Source material:
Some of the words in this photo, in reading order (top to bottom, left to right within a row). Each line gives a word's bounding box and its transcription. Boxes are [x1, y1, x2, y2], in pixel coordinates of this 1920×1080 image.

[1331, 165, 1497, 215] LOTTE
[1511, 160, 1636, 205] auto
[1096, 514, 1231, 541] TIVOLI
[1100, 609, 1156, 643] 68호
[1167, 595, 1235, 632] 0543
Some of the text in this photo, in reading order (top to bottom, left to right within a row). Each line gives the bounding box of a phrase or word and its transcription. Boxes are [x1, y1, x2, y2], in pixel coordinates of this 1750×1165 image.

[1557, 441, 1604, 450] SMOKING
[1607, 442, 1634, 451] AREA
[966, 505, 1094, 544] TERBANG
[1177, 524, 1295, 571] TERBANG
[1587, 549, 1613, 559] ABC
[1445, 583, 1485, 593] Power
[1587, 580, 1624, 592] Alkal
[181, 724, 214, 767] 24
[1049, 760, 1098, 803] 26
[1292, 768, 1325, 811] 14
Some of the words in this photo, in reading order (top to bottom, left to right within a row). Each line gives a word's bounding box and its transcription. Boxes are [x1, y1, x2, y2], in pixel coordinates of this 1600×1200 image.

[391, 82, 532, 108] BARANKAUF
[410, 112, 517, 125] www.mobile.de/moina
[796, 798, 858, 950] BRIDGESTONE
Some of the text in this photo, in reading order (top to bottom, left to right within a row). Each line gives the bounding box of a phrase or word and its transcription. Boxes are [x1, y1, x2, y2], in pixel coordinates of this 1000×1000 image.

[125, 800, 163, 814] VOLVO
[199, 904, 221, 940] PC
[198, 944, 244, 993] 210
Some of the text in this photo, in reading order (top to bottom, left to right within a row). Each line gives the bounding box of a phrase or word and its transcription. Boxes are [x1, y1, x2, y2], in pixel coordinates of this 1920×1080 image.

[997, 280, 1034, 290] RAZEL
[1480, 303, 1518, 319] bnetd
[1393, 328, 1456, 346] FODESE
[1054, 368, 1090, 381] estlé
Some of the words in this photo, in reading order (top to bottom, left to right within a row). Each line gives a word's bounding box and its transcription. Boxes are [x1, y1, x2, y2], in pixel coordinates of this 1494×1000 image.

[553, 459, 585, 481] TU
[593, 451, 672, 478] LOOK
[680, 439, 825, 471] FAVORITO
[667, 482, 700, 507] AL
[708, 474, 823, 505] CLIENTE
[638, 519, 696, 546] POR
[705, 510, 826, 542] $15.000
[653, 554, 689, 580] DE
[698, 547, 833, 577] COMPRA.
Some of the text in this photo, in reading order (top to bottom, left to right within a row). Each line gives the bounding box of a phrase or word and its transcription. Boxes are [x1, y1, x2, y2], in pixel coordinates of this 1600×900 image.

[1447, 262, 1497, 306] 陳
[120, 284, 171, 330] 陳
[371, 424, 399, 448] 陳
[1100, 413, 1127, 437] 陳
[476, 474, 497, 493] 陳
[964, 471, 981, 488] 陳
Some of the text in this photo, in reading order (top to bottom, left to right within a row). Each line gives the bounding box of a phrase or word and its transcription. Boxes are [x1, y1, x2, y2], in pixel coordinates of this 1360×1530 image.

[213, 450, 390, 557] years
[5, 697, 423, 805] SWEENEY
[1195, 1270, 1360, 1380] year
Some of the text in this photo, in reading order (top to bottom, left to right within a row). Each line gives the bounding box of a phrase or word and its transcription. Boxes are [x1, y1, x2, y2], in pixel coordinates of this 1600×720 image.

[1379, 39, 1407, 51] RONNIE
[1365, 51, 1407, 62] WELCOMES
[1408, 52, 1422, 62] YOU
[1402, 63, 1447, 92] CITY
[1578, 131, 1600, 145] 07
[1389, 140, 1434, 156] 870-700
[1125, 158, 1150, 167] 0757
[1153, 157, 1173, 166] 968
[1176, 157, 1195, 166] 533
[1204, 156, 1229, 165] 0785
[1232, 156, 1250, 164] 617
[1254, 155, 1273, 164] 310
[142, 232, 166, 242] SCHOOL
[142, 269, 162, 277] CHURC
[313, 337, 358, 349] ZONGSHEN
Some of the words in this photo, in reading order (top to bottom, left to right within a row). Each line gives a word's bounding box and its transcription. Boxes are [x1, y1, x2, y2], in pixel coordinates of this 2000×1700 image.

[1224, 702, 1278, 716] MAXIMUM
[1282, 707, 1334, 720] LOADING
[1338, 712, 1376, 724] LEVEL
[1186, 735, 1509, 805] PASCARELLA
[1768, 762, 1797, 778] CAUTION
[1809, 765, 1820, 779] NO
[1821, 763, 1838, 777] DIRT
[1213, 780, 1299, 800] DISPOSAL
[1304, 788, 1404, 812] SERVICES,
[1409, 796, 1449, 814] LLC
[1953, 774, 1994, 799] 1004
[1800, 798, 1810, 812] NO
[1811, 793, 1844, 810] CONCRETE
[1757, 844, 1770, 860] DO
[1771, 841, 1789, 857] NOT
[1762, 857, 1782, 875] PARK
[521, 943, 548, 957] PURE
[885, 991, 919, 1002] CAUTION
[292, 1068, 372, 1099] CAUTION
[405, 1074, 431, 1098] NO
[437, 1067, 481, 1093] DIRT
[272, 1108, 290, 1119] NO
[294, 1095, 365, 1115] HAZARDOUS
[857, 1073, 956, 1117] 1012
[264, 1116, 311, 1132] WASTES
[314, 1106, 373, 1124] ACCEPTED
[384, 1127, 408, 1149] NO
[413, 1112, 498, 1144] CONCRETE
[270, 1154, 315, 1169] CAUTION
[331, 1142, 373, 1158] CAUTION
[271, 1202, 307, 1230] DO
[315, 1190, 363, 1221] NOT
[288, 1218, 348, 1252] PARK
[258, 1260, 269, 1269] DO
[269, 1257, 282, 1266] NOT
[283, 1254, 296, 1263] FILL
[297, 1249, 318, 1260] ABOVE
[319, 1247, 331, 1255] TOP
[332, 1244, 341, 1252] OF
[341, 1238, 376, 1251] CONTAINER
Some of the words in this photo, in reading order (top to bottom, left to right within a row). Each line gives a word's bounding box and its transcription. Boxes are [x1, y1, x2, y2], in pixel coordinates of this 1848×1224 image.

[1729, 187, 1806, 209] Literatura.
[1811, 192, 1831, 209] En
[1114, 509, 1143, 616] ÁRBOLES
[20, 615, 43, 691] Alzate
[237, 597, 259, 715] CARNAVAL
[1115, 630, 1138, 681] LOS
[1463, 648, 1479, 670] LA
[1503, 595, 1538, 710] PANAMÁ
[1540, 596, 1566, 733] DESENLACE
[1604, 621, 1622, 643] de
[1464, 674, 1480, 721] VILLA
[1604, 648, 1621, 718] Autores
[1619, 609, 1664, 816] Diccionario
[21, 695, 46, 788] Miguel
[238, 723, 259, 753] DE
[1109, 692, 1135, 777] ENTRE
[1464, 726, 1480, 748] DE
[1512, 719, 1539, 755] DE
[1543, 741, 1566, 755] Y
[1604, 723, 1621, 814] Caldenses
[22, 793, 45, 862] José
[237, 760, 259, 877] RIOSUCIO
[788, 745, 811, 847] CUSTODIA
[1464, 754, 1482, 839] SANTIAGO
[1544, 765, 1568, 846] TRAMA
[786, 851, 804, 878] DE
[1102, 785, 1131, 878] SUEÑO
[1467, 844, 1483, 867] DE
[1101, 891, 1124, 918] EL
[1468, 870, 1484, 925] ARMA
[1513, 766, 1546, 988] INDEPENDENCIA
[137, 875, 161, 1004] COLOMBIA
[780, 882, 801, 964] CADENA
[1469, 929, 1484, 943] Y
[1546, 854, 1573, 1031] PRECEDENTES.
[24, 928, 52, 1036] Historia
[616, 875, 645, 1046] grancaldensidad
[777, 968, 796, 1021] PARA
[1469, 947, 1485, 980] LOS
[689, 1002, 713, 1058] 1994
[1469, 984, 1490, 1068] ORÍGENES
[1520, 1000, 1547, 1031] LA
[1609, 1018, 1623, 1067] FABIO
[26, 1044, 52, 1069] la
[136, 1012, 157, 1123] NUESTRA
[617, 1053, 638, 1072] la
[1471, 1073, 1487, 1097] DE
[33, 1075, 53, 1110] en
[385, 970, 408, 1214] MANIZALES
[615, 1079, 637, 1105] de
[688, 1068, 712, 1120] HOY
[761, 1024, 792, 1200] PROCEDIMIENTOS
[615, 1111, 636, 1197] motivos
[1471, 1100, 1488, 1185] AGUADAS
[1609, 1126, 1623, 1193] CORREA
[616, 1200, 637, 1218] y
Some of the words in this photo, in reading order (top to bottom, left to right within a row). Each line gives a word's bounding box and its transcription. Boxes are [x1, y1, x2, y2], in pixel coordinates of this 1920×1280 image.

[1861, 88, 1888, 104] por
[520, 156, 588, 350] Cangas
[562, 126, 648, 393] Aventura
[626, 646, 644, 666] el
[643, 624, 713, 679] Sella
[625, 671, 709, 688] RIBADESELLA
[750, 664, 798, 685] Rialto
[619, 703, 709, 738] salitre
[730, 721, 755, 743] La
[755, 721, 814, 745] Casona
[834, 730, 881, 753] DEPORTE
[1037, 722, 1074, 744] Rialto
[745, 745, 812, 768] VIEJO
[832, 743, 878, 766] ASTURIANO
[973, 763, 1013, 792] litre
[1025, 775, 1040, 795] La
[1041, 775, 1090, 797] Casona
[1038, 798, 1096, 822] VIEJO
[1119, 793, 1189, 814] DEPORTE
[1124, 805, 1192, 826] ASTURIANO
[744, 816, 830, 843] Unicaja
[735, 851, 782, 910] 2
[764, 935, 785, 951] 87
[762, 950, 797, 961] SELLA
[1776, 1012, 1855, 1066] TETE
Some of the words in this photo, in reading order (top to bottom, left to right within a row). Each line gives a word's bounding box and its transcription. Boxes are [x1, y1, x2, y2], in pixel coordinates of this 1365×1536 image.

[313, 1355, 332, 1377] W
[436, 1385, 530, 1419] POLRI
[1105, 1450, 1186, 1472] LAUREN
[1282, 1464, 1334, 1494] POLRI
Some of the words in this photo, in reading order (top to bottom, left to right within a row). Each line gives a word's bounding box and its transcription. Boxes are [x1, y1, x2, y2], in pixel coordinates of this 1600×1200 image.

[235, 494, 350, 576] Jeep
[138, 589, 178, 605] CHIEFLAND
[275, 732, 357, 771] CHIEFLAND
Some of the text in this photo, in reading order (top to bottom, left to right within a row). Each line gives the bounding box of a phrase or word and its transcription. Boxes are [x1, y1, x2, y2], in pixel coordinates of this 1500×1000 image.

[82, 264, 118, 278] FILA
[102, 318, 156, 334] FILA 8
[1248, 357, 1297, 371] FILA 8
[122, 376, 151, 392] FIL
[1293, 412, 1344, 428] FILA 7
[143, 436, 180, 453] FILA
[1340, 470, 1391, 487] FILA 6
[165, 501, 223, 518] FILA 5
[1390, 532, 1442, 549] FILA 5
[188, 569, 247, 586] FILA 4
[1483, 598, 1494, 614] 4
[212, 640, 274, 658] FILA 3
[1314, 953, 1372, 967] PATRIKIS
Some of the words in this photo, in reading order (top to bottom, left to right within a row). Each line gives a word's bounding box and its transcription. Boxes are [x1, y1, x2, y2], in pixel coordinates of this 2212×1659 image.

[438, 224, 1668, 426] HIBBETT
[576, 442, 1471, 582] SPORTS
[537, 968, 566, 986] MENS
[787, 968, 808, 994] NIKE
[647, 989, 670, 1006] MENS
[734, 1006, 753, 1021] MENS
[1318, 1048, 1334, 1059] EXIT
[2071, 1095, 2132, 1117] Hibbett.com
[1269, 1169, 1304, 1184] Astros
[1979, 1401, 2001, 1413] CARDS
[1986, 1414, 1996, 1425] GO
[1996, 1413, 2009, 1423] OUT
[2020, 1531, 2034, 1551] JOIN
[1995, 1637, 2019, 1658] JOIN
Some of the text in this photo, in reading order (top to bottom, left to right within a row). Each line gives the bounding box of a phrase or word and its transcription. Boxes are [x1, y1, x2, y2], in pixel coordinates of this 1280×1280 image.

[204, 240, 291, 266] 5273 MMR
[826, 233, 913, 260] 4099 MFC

Task prompt:
Could you give again, word for word, the line with "this 1280×1280 image." and all lines after it through the end of the data? Leave out everything else.

The completed task:
Some of the text in this photo, in reading order (top to bottom, left to right within a row). Each line gives the bounding box of a phrase or word and its transcription. Boxes are [x1, y1, x2, y2], in pixel coordinates of this 1280×1280 image.

[204, 240, 291, 266] 5273 MMR
[826, 233, 913, 260] 4099 MFC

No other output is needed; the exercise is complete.